> **WHAT IS EXPECTED**
As you reproduce every line below, keep it exactly as written and leave out the images.

+---+

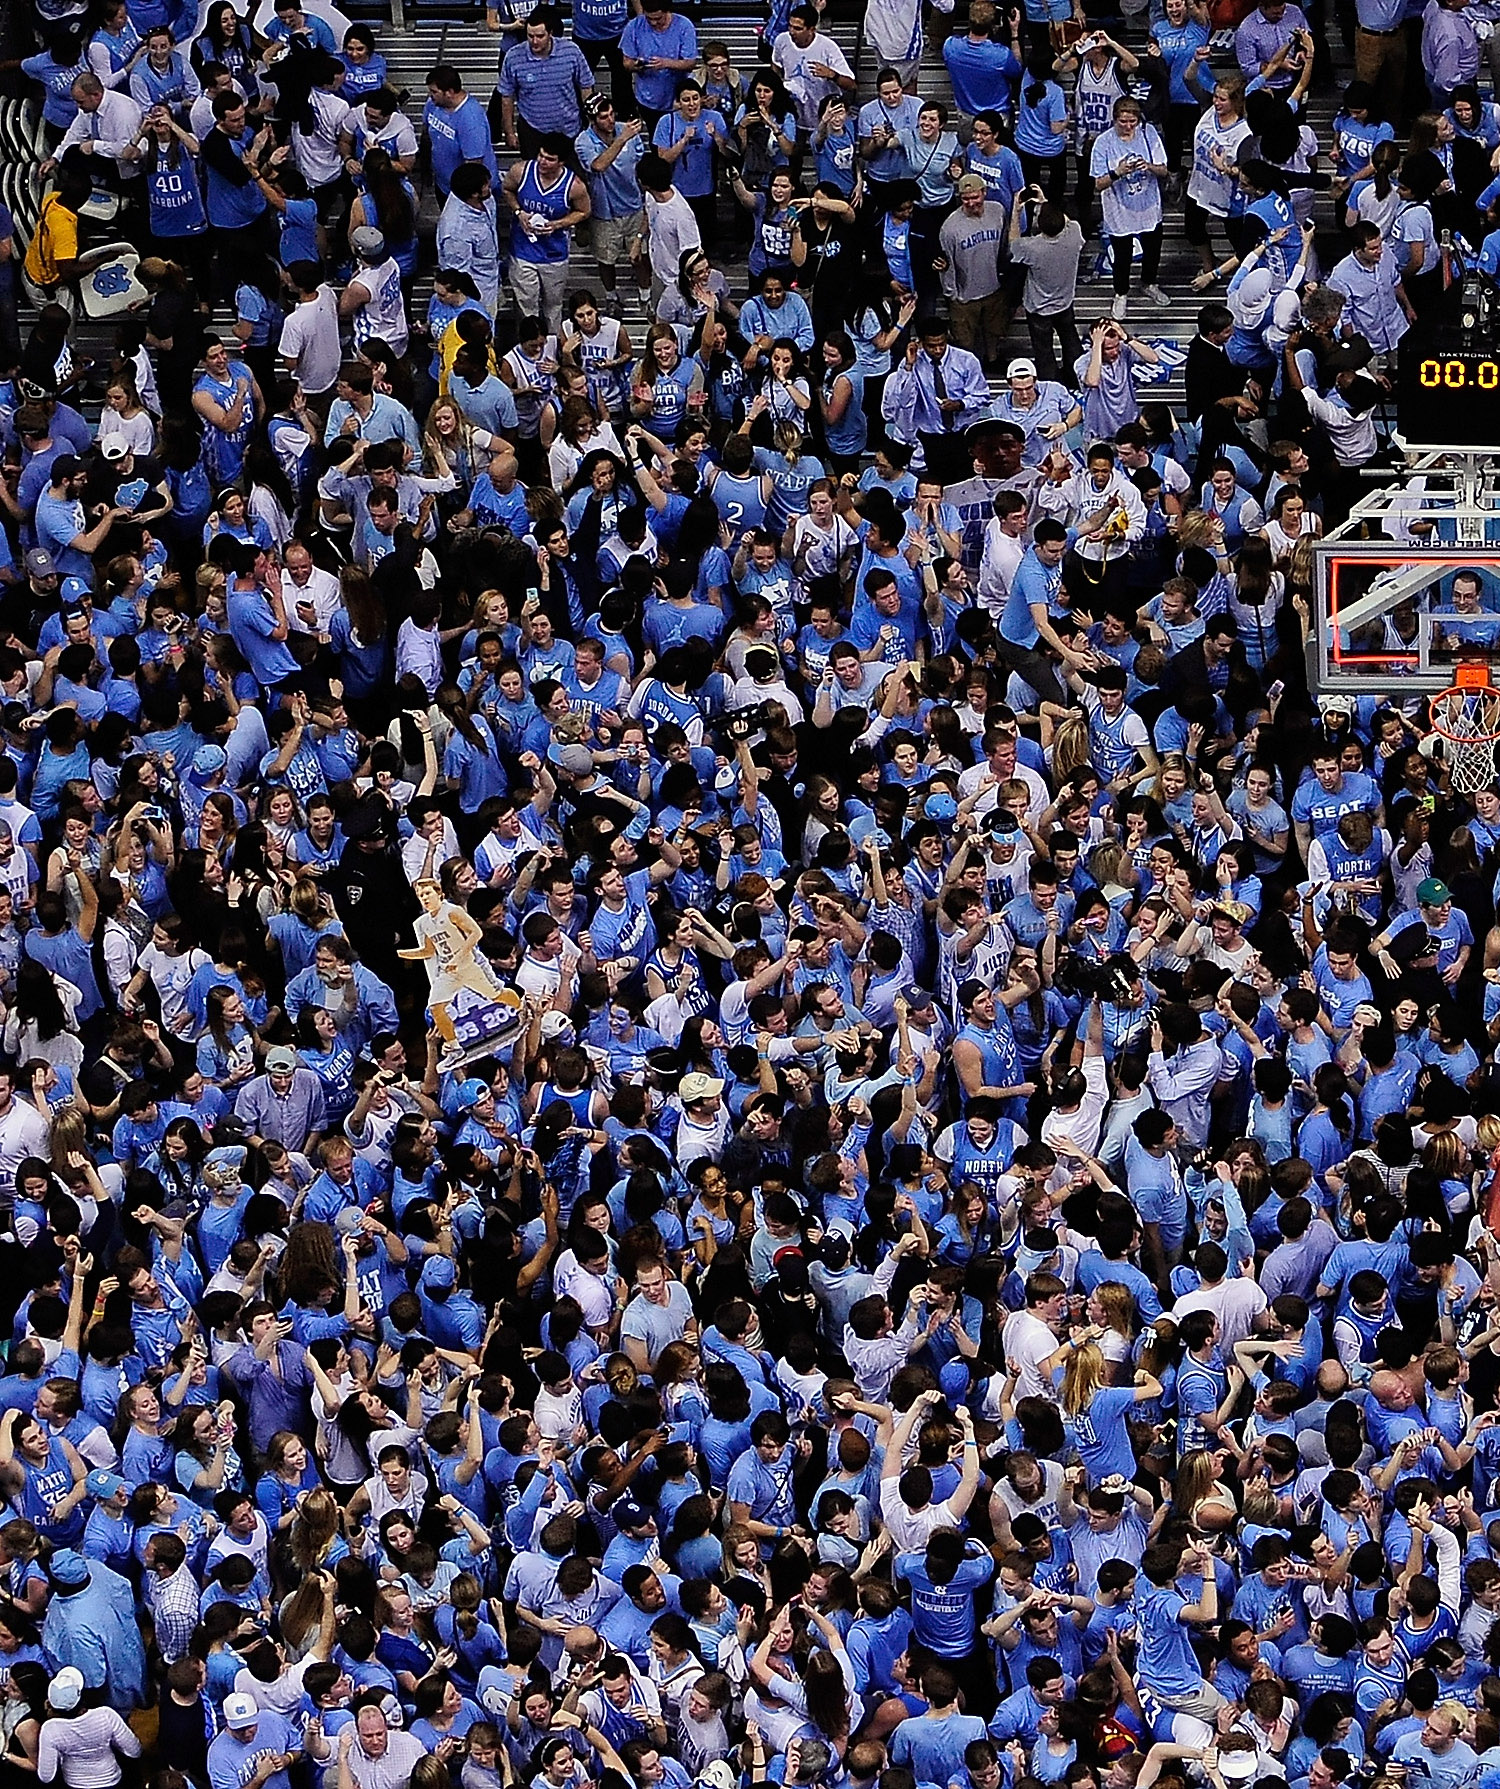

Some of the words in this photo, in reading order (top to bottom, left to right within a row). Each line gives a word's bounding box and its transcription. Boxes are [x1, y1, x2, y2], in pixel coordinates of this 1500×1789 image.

[156, 174, 183, 192] 40
[523, 198, 555, 215] NORTH
[582, 345, 608, 358] ORTH
[1421, 361, 1499, 389] 00.0
[726, 501, 745, 525] 2
[569, 698, 603, 715] NORTH
[648, 698, 681, 725] JORDAN
[1312, 803, 1362, 819] BEAT
[1336, 860, 1371, 876] NORTH
[1003, 1043, 1016, 1068] 35
[326, 1052, 353, 1083] NORTH
[964, 1160, 1004, 1174] NORTH
[37, 1470, 68, 1491] NORTH
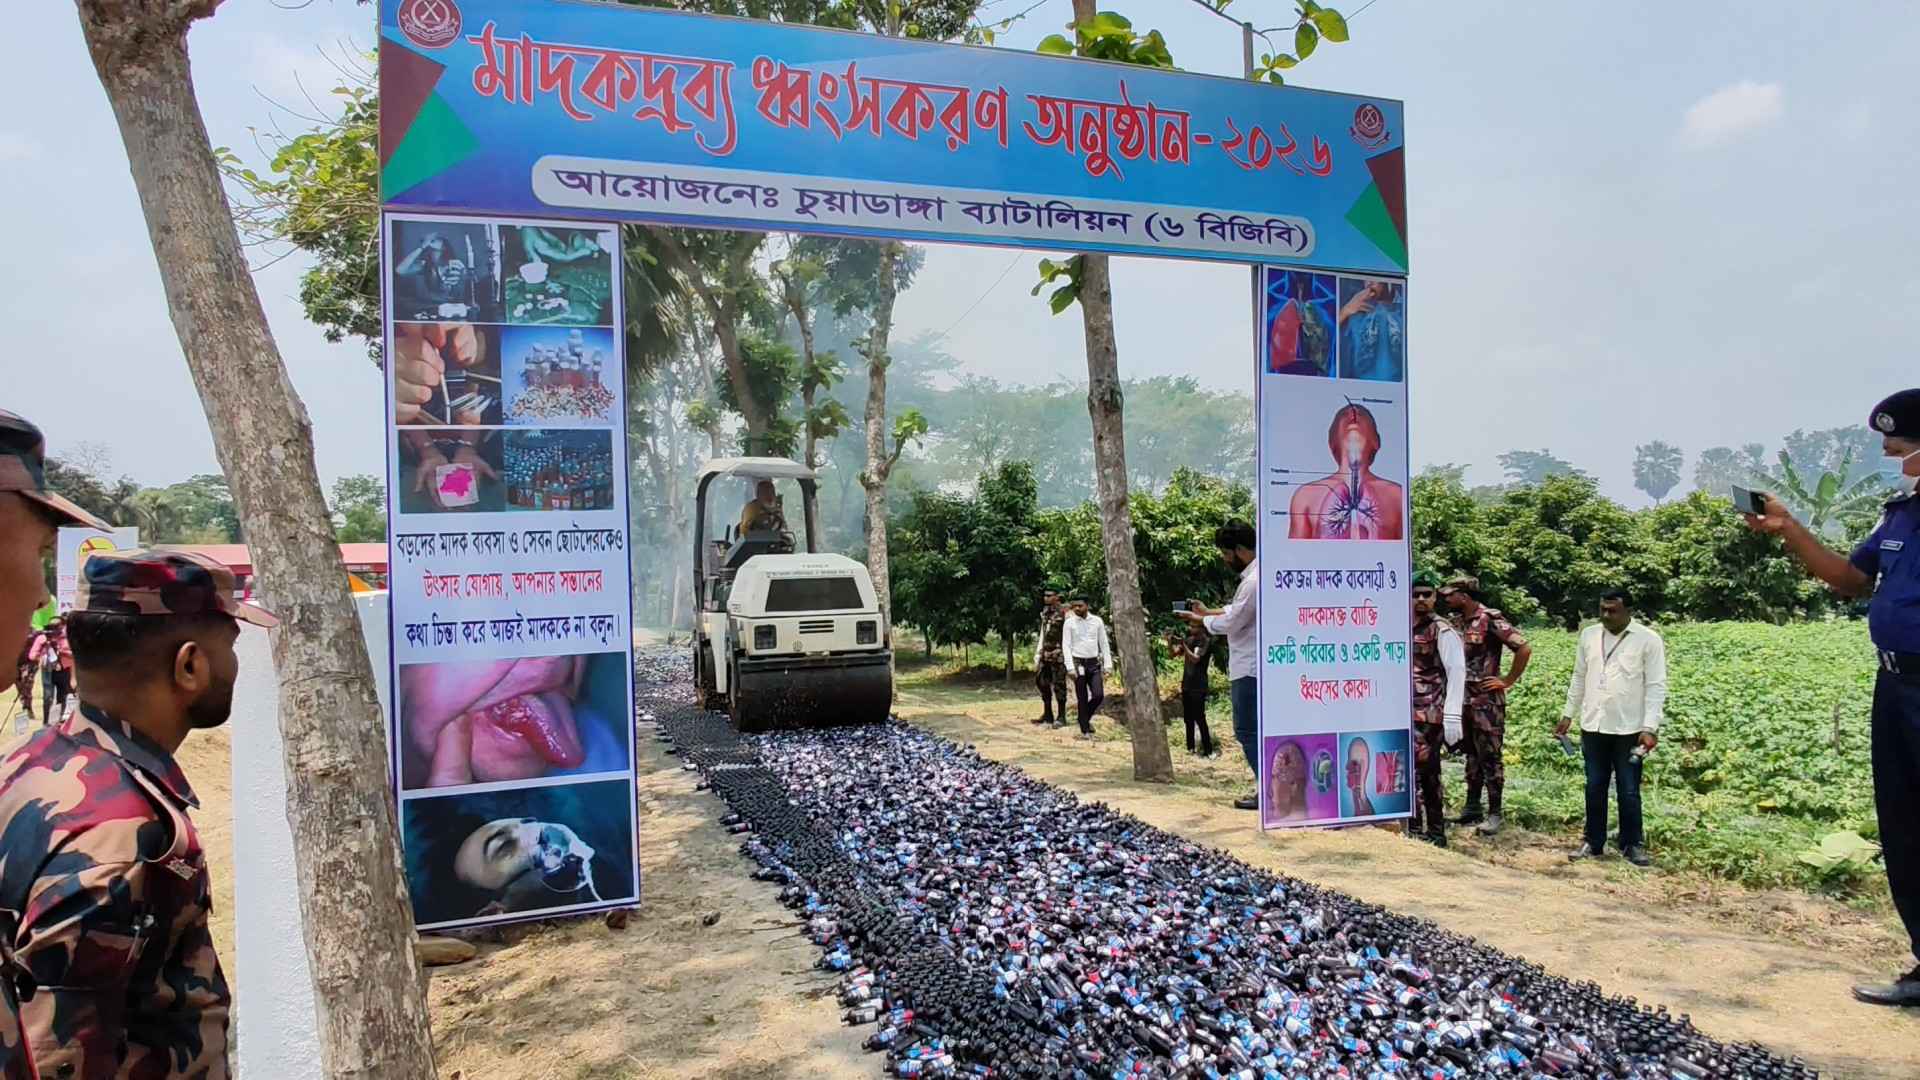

+---+

> **SOLUTION FOR THIS PROBLEM**
Some of the words in this photo, in reading order (top to bottom, left to right within a row). Each line gives a word's bounding box and its transcription. Boxes are [x1, y1, x2, y2], in pixel coordinates of this 1500×1789 image.

[156, 174, 183, 192] 40
[523, 198, 555, 215] NORTH
[582, 345, 608, 358] ORTH
[1421, 361, 1499, 389] 00.0
[726, 501, 745, 525] 2
[569, 698, 603, 715] NORTH
[648, 698, 681, 725] JORDAN
[1312, 803, 1362, 819] BEAT
[1336, 860, 1371, 876] NORTH
[1003, 1043, 1016, 1068] 35
[326, 1052, 353, 1083] NORTH
[964, 1160, 1004, 1174] NORTH
[37, 1470, 68, 1491] NORTH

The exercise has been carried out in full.